▶ **Goal of the exercise**: Reproduce the records that follow without alteration, apart from removing the pictures.

▶ **Provided material**:
>>>
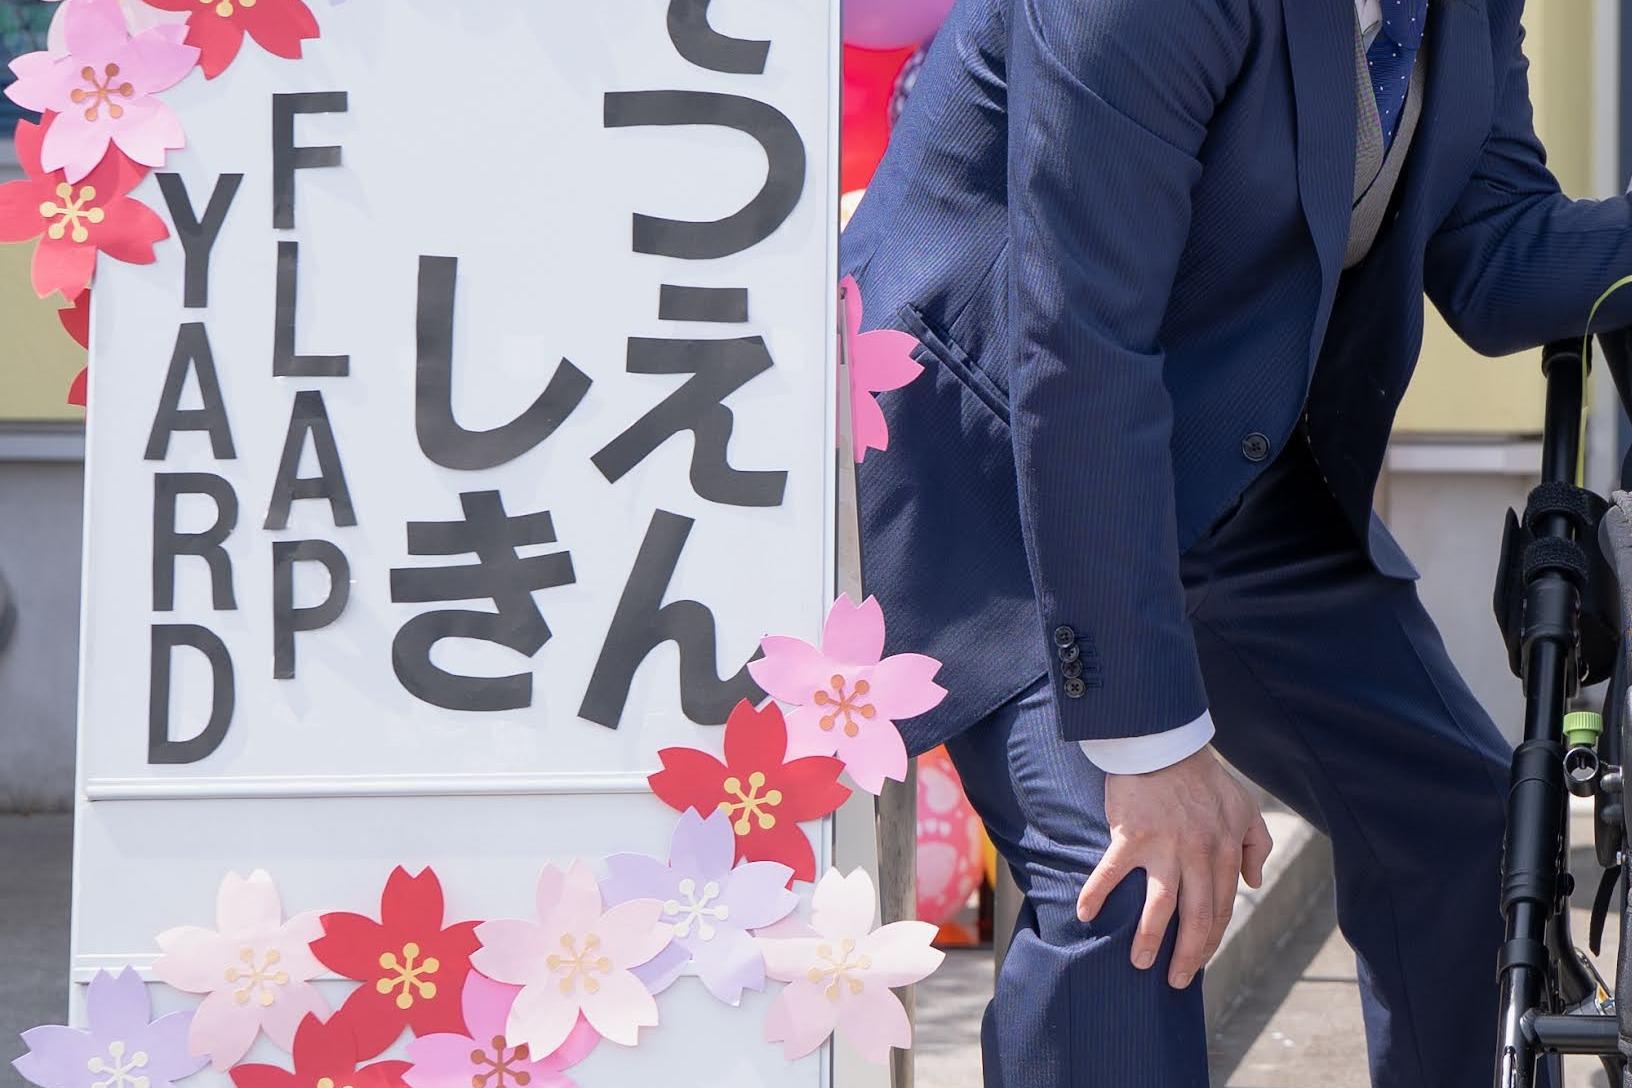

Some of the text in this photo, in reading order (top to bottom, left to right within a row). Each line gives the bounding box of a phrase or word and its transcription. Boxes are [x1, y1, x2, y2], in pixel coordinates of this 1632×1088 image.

[144, 173, 243, 764] YARD
[264, 92, 357, 679] FLAP
[390, 256, 592, 711] しき
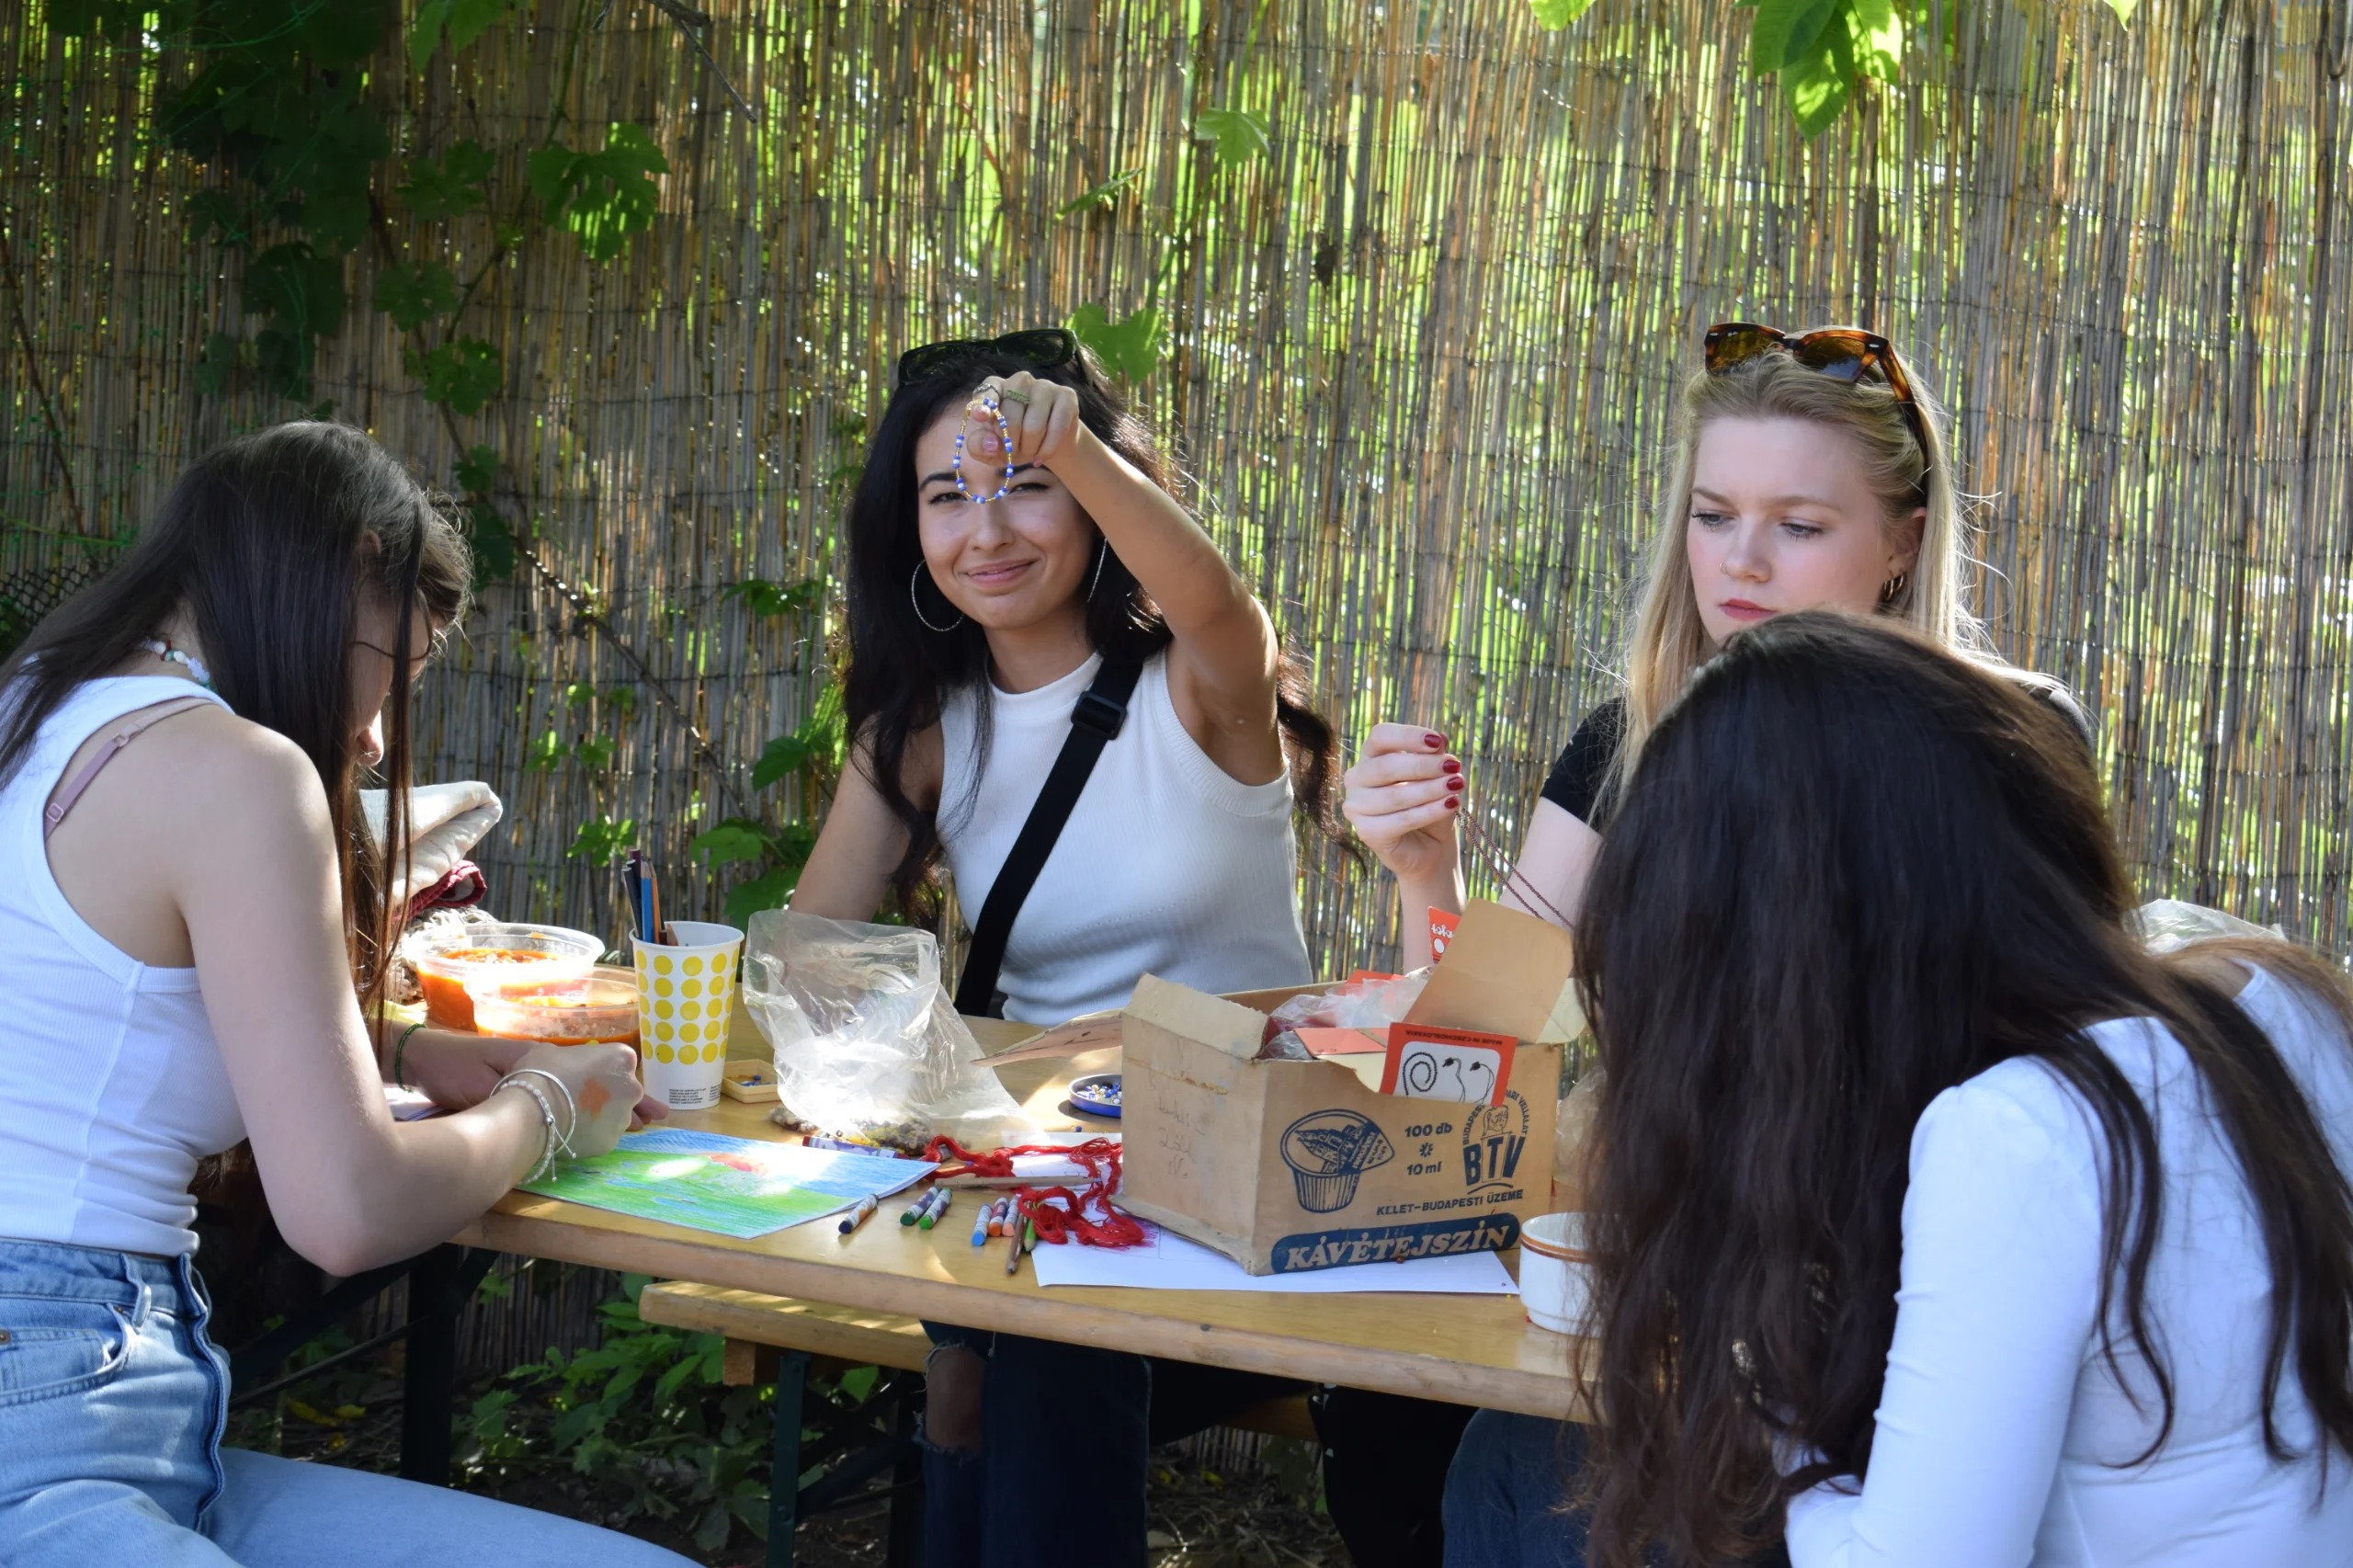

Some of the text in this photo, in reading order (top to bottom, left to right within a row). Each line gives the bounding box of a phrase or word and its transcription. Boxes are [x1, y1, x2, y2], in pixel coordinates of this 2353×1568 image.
<<<
▶ **Solution to the exercise**:
Some of the text in this photo, in reading order (top to bottom, left to right within a row). Each line gives the bounding box of a phrase or word and its transcription. Boxes are [x1, y1, x2, y2], in pixel coordinates of this 1632×1088 image.

[144, 173, 243, 764] YARD
[264, 92, 357, 679] FLAP
[390, 256, 592, 711] しき

Some of the text in this photo, in reading order (top to bottom, left to right within a row). Each line gives the bounding box of a phrase or word and its transcription. Boxes are [x1, y1, x2, y2], in pixel coordinates of this 2353×1568 image.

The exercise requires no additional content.